Task item >> An exact transcription of all the records below is required, without any images.

Segment Start: Data to process

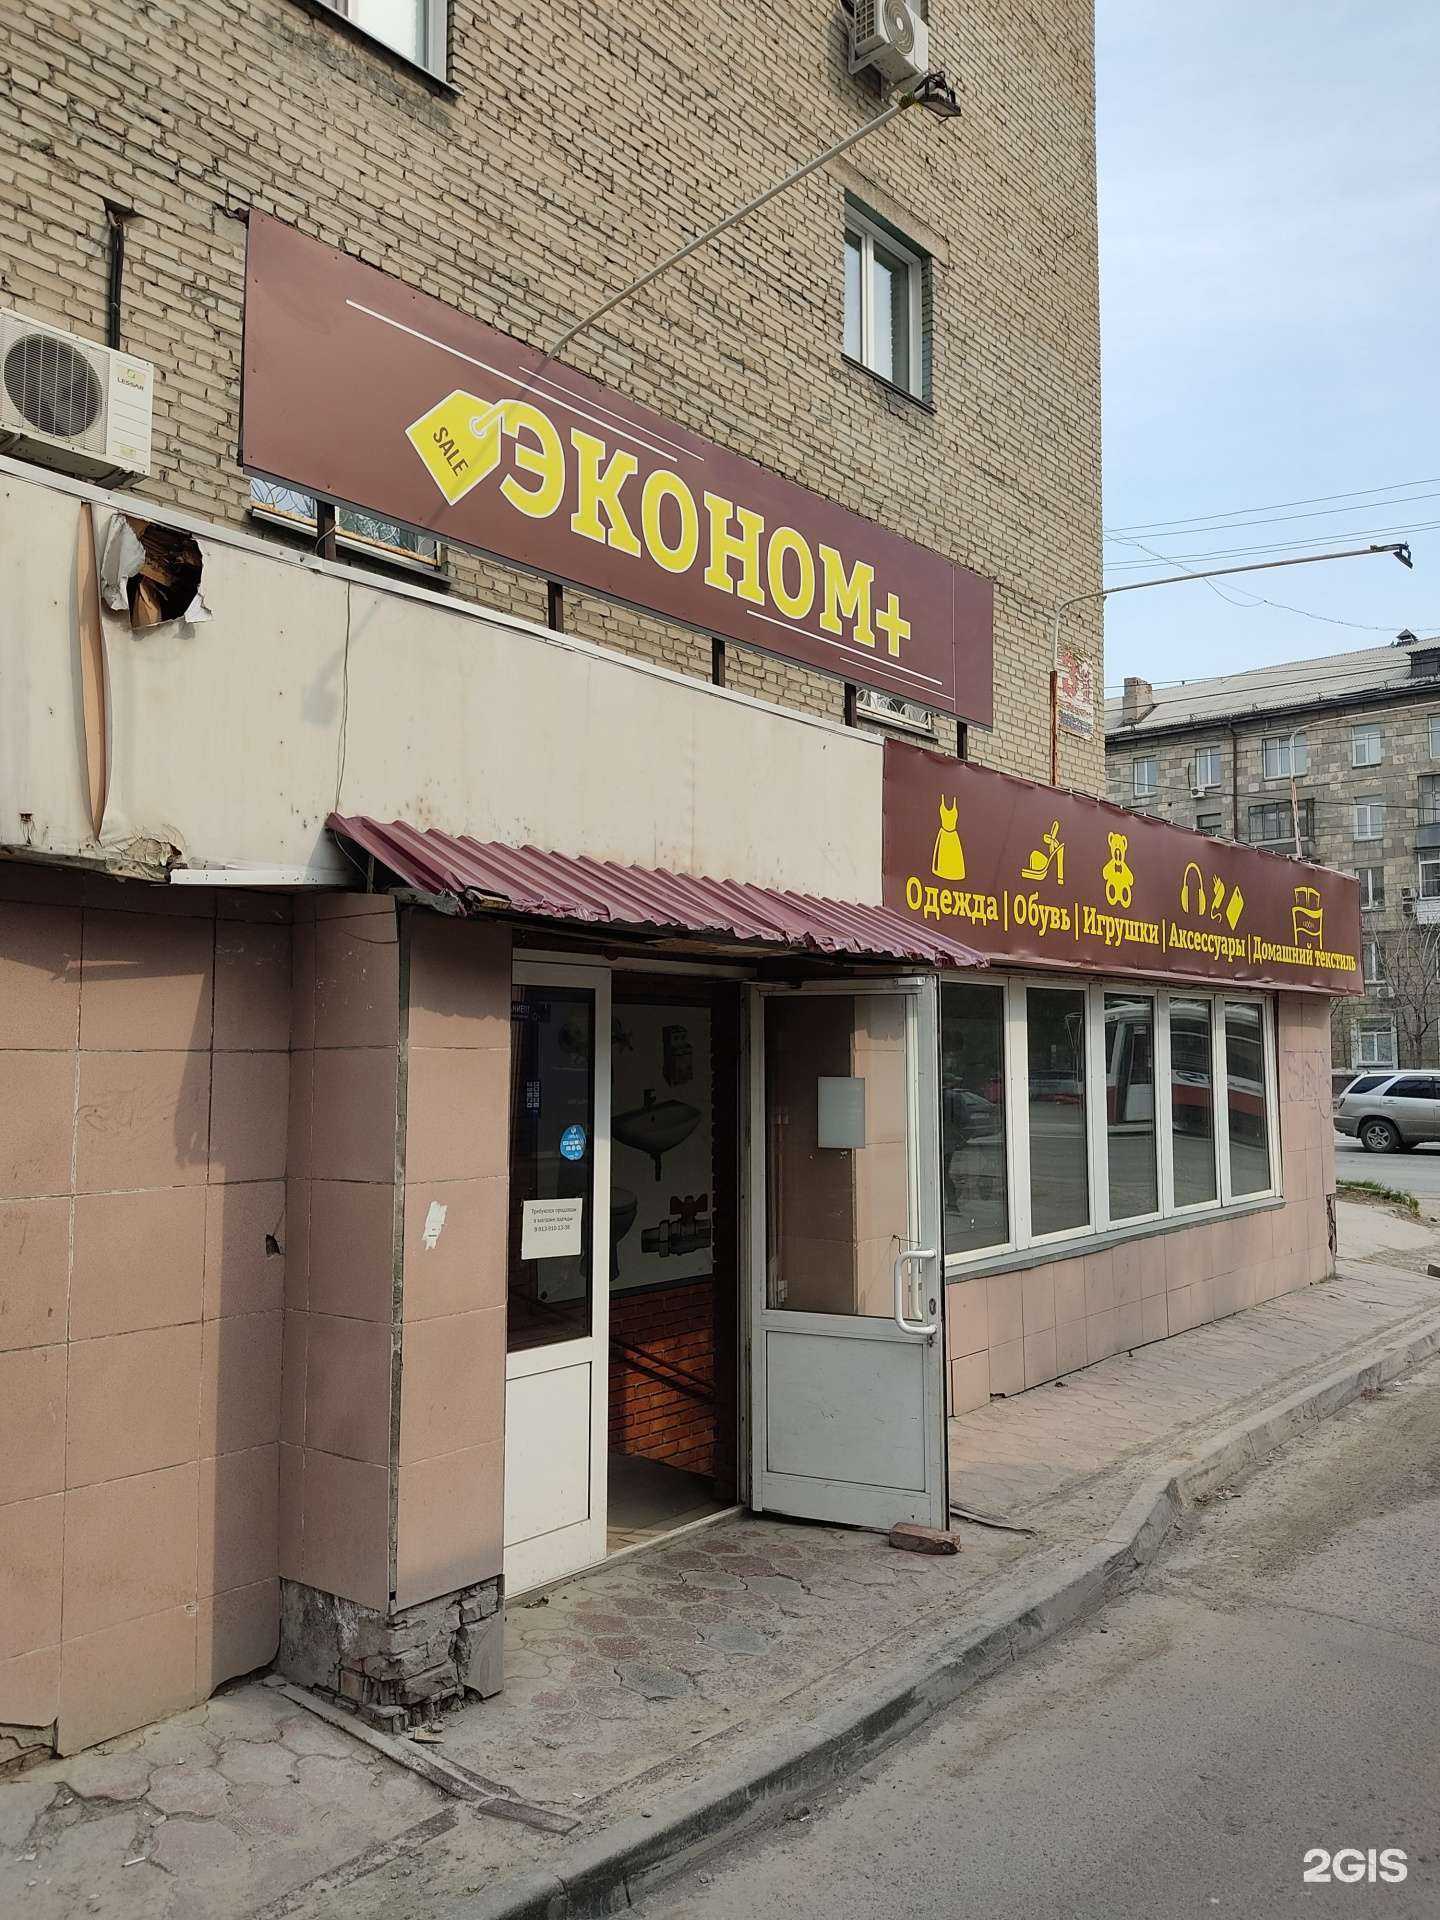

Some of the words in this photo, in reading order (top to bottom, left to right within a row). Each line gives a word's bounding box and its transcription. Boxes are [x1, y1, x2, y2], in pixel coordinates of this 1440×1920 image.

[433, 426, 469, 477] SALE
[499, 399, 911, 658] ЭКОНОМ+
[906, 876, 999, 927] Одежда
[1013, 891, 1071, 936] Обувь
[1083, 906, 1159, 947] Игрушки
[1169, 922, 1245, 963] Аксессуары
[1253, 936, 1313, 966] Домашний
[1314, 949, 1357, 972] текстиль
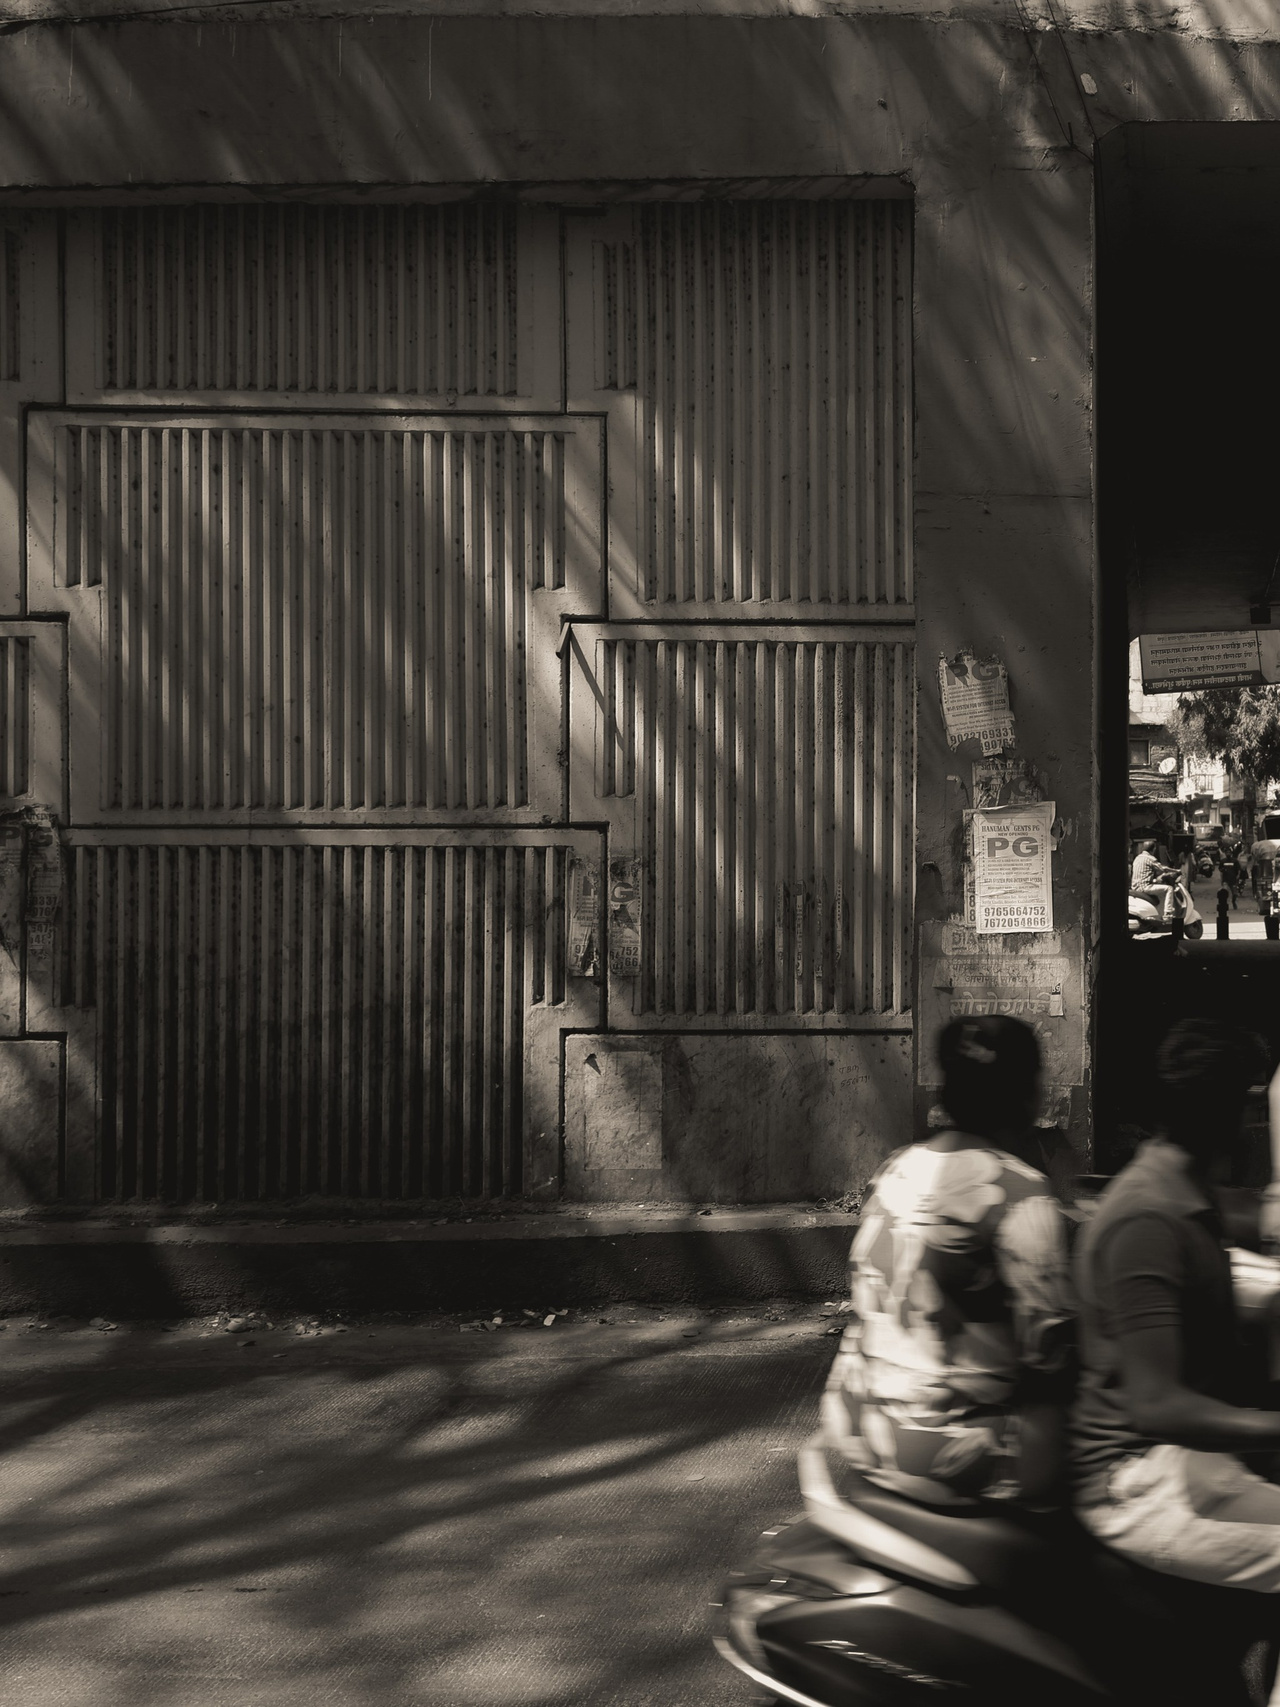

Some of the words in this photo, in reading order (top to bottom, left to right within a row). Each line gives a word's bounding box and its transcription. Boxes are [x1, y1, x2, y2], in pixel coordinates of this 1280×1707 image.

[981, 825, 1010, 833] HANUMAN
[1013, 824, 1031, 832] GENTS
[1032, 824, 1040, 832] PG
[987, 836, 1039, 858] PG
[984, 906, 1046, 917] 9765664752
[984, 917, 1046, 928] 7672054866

Segment End: Data to process

Answer >>
Some of the words in this photo, in reading order (top to bottom, left to right within a row). Each line gives a word's bounding box and its transcription. Boxes are [x1, y1, x2, y2], in pixel coordinates of this 1440×1920 image.

[433, 426, 469, 477] SALE
[499, 399, 911, 658] ЭКОНОМ+
[906, 876, 999, 927] Одежда
[1013, 891, 1071, 936] Обувь
[1083, 906, 1159, 947] Игрушки
[1169, 922, 1245, 963] Аксессуары
[1253, 936, 1313, 966] Домашний
[1314, 949, 1357, 972] текстиль

Some of the words in this photo, in reading order (top to bottom, left to right within a row). Each line gives a word's bounding box and its transcription. Boxes are [x1, y1, x2, y2], in pixel coordinates of this 1280×1707 image.

[981, 825, 1010, 833] HANUMAN
[1013, 824, 1031, 832] GENTS
[1032, 824, 1040, 832] PG
[987, 836, 1039, 858] PG
[984, 906, 1046, 917] 9765664752
[984, 917, 1046, 928] 7672054866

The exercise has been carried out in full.